Wdzięczność vs. niewdzięczność


piratos

Rekomendowane odpowiedzi

Ostatnio niektóre moje myśli wędrują w kierunku szacunku wobec samego siebie i innych. Jednym z fundamentalnych składników takowych według mnie jest wdzięczność. Napiszę ze swojej perspektywy, bo trochę się w tym zaczynam gubić, a lubię być ze sobą wewnętrznie spójny. 

 

Uważam, że jednym z fundamentów szacunku wobec kogoś jest wdzięczność za cokolwiek użytecznego/dobrego dostaje się od tej osoby. Można to okazywać w wieloraki sposób. Wyrażając wdzięczność najłatwiej wypowiedzieć prozaiczne słowo "dziękuję". Dalej można zaproponować rewanż za usługę/rzecz, albo zapłatę. 

 

Z natury jestem człowiekiem który chętnie pomaga, ale.... I tu jest właśnie problem. Nie otrzymując oczekiwanej wdzięczności przestaję szanować osobę która otrzymała ode mnie jakąś przysługę, czuję się jak frajer☹️ Przestaję wtedy oferować jakiekolwielwiek usługi, albo pomoc, gdzie wiem że nie ma stosownej gratyfikacji. Dla mnie niewdzięczne osoby są dyskwalifikowane w dalszej relacji.

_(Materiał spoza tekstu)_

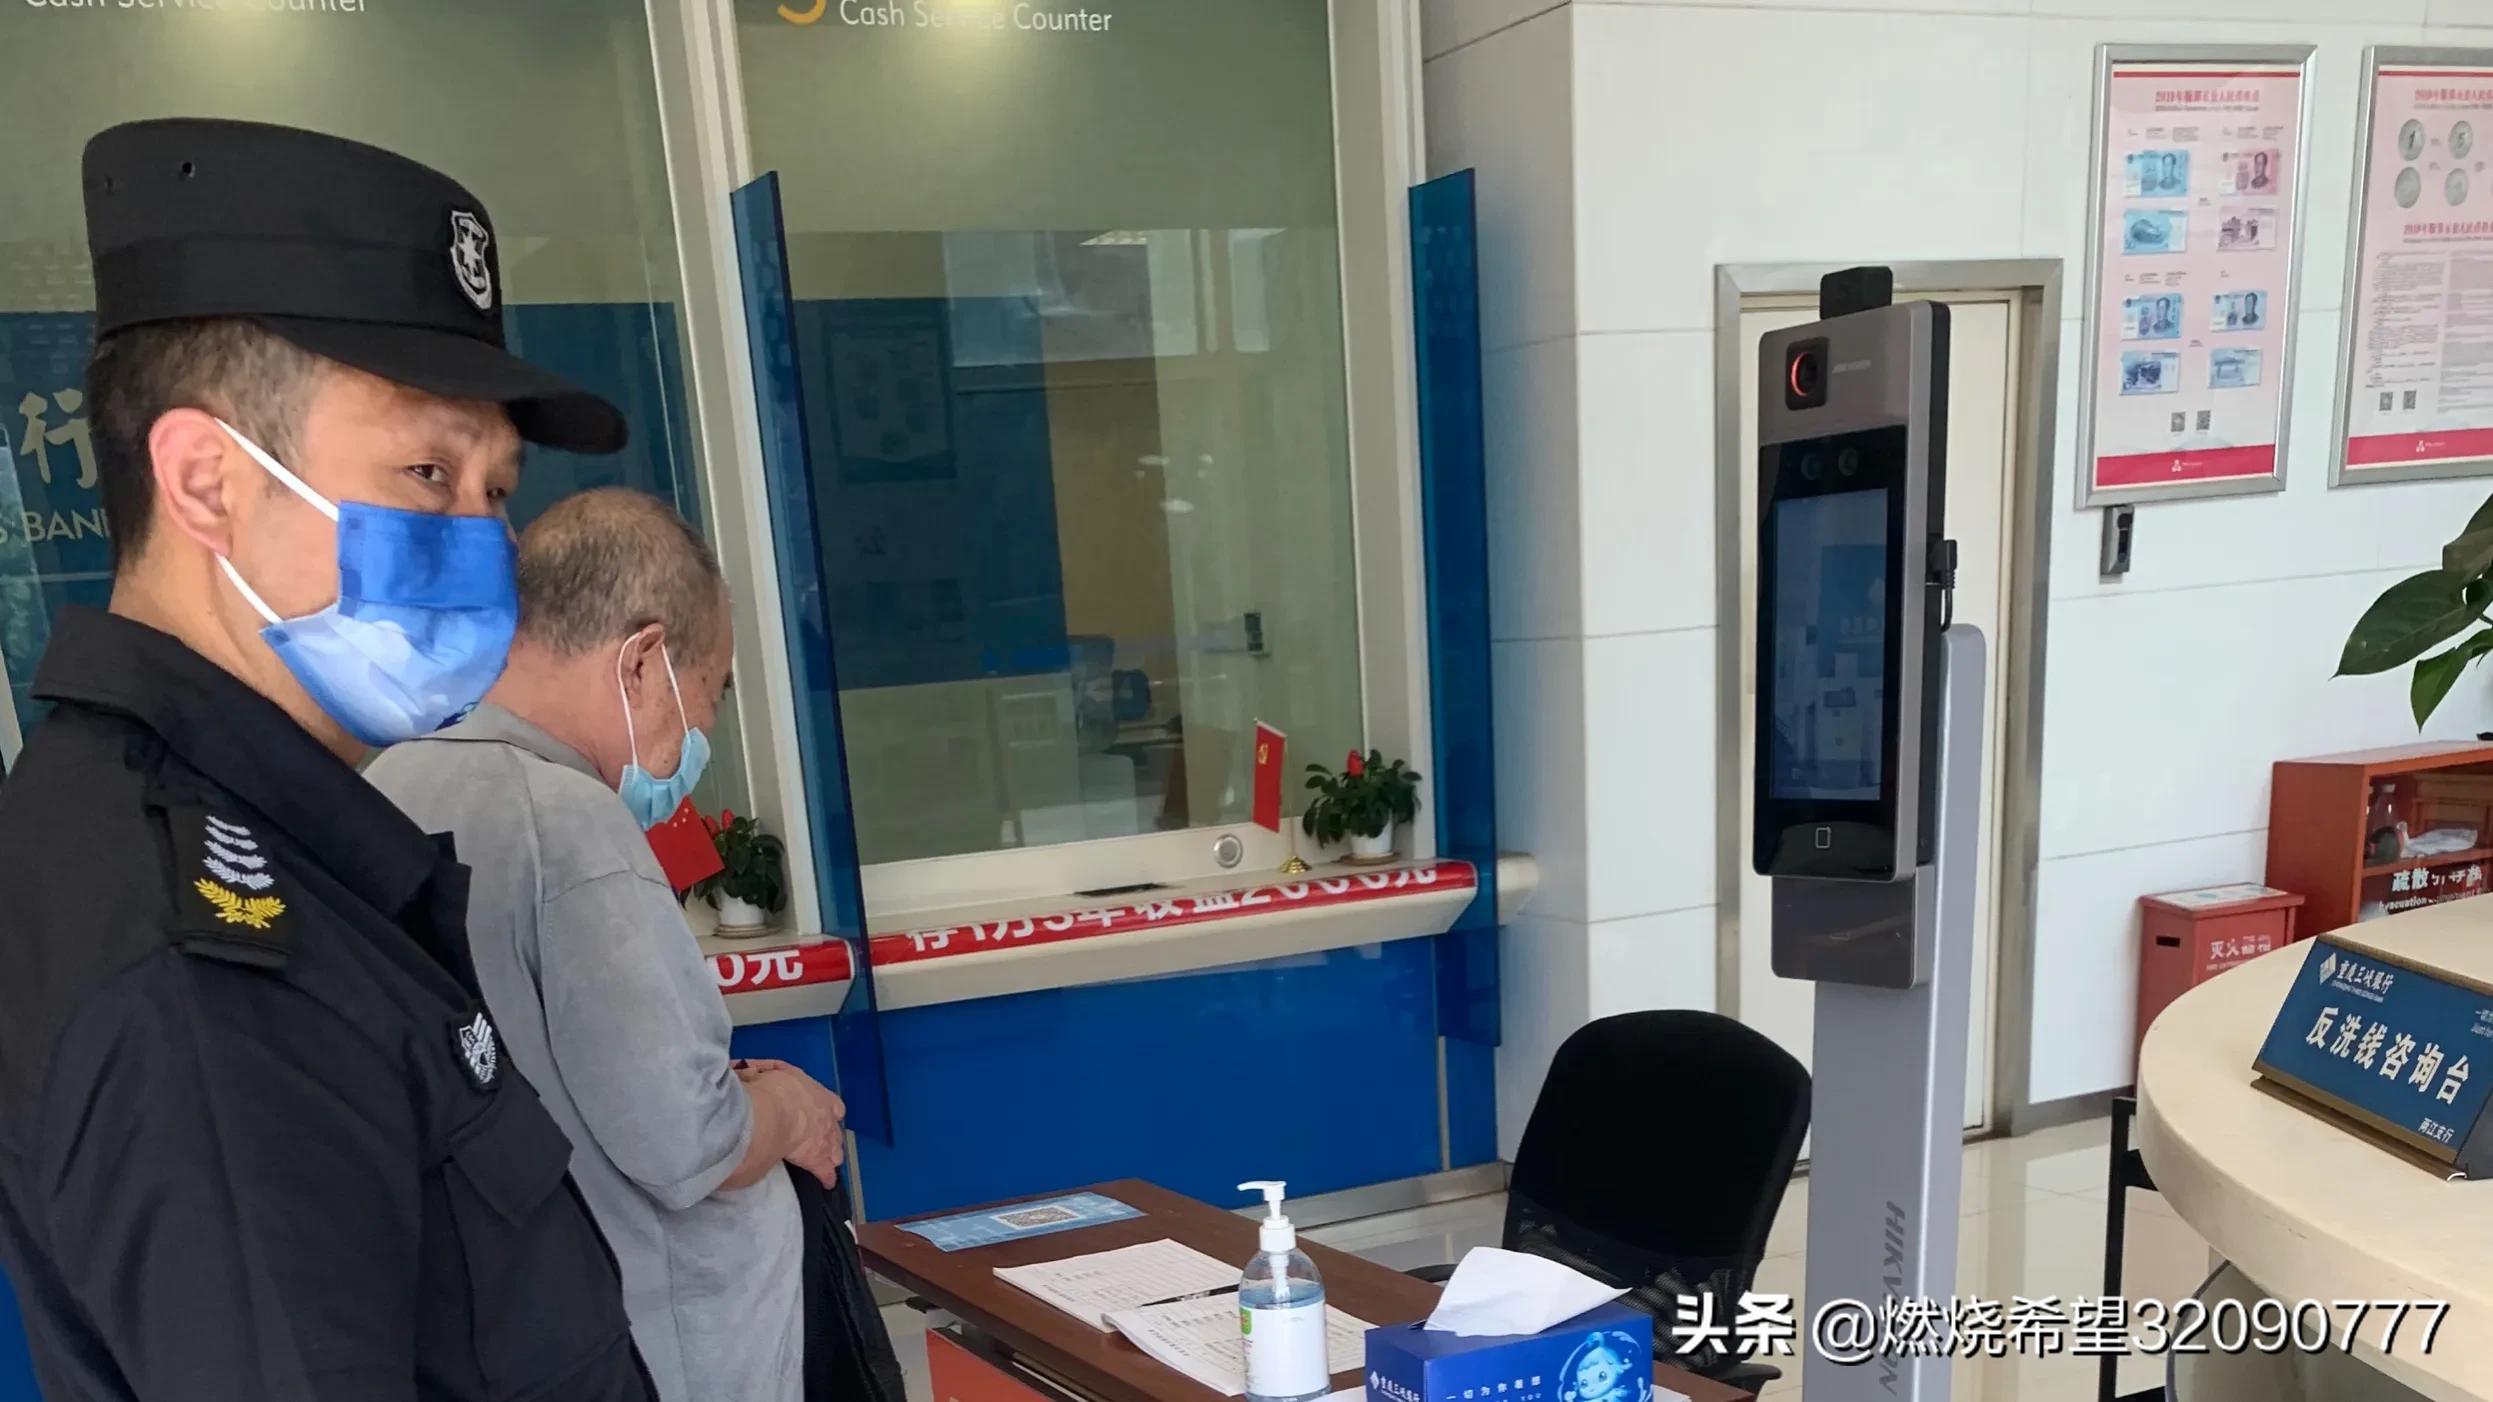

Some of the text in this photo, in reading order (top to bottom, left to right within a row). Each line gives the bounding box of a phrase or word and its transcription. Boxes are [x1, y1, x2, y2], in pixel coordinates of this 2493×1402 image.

[839, 0, 905, 26] Cash
[1013, 3, 1112, 31] Counter
[24, 508, 111, 543] BAN
[2305, 1006, 2470, 1105] 反洗钱咨询台
[2418, 1117, 2456, 1144] 两江支行
[1879, 1200, 1906, 1396] HIKVON

Sam mogę tylko powiedzieć, że mi by było cholernie głupio, jeśli ktokolwiek czyniący dla mnie jakąś przysługę byłby nieusatysfakcjonowany przeze mnie.

 

Przykład z dzisiaj(w sumie wczoraj:)): nie mogłem sobie poradzić z wymianą żarówki w reflektorze auta, więc podjechałem do warsztatu i poprosiłem pracownika o pomoc. Wymiana żarówki nie trwała nawet 5 minut. Zapytałem ile należy się za usługę. Odpowiedź: nie ma sprawy, to drobnostka. Moja odpowiedź: nie mogę cię tak zostawić i wcisnąłem facetowi 5 euro. 

 

Co o tym myślicie?

Edytowane przez piratos
  • Like 1
Odnośnik do komentarza
Udostępnij na innych stronach

Też przestaję się wychylać z pomocą, gdy widzę, że ktoś korzysta, ale zasada wzajemności nie działa i nie ma żadnego, nawet małego ekwiwalentu, będącego wyrazem dobrej woli.

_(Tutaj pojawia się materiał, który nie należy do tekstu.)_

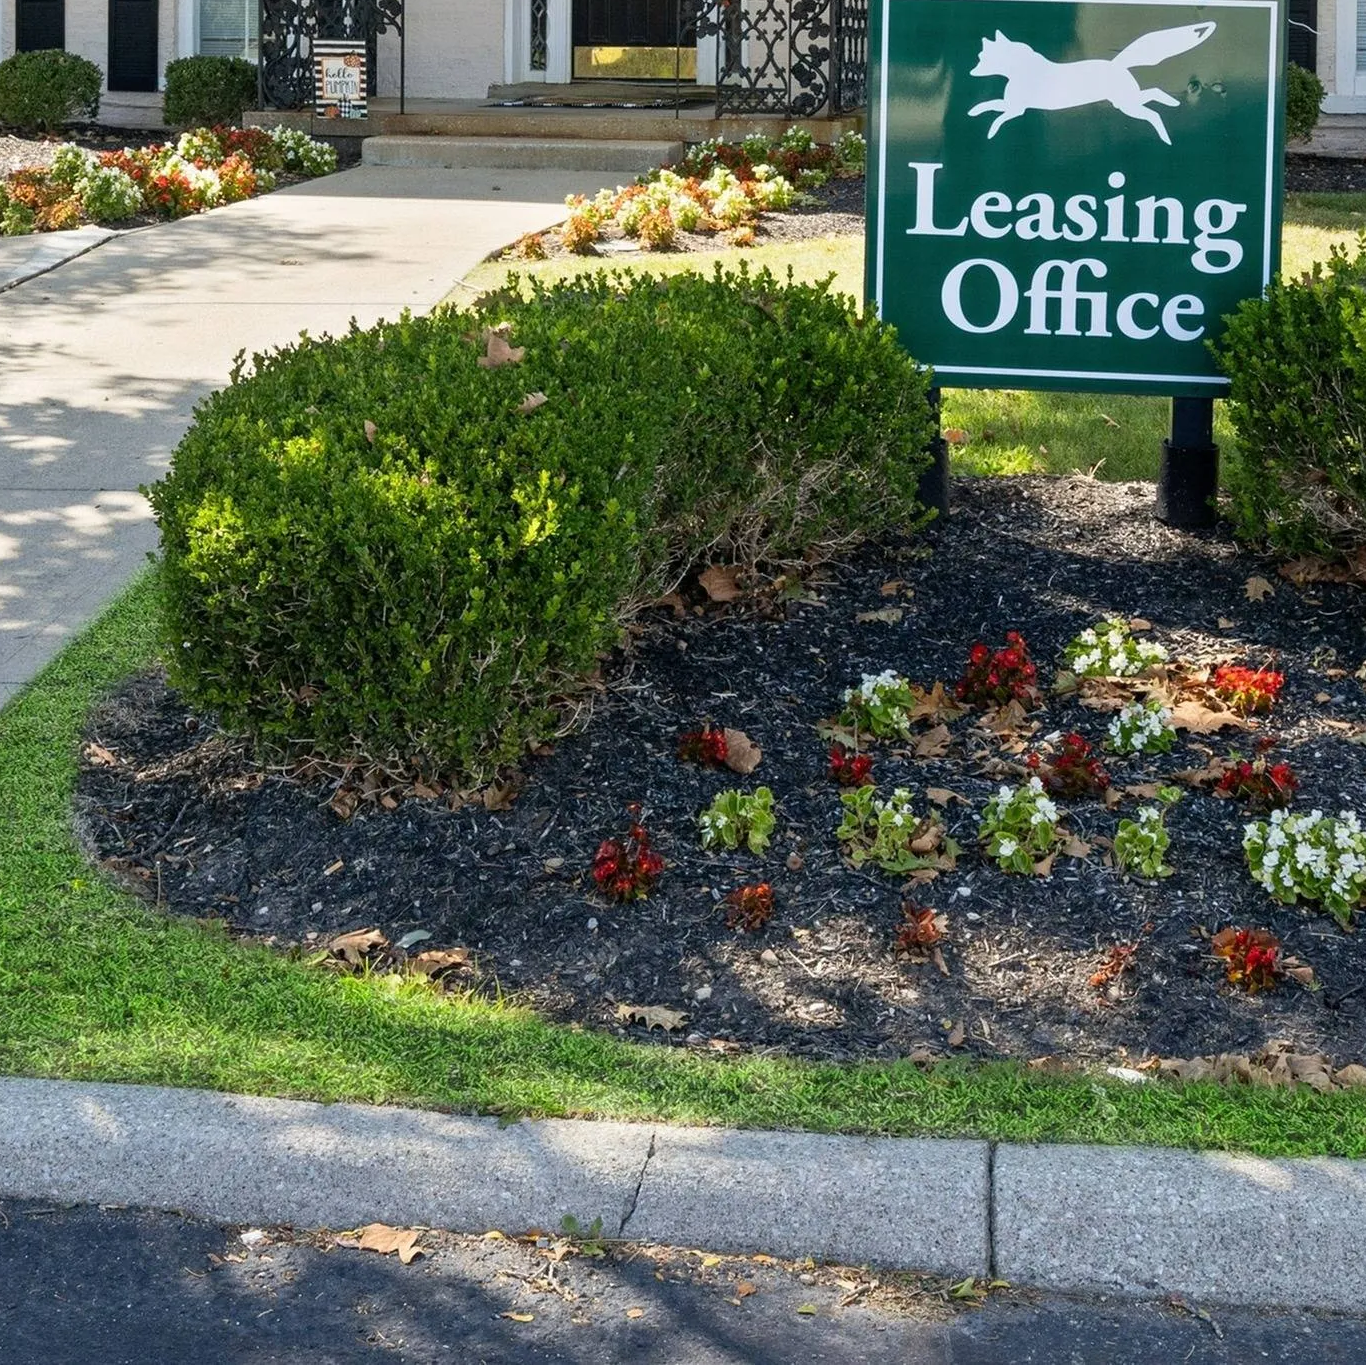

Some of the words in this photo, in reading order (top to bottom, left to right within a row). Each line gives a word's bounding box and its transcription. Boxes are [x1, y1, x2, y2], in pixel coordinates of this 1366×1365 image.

[325, 67, 353, 79] hello
[906, 162, 1247, 274] Leasing
[941, 258, 1205, 342] Office

Nie uważam, że to egoizm, po prostu rozsądek. O egoizmie najchętniej krzyczą roszczeniowe pasożyty.

 

Czasem wkurwia mnie u niektórych ludzi krótkowzroczne przeciąganie liny, aby do siebie, bez patrzenia szerzej i na długoterminowe skutki, ale świata nie zmienię, mogę tylko pracować nad swoimi zachowaniami.

Jednak jestem też pamiętliwy, jeżeli chodzi o pomoc którą dostałem i w miarę możliwości się rewanżuję, przeważnie na bieżąco, czasem po dłuższym czasie.

 

 

  • Like 2
Odnośnik do komentarza
Udostępnij na innych stronach

Cytat

“Wdzięczność jest oznaką szlachetnej duszy”.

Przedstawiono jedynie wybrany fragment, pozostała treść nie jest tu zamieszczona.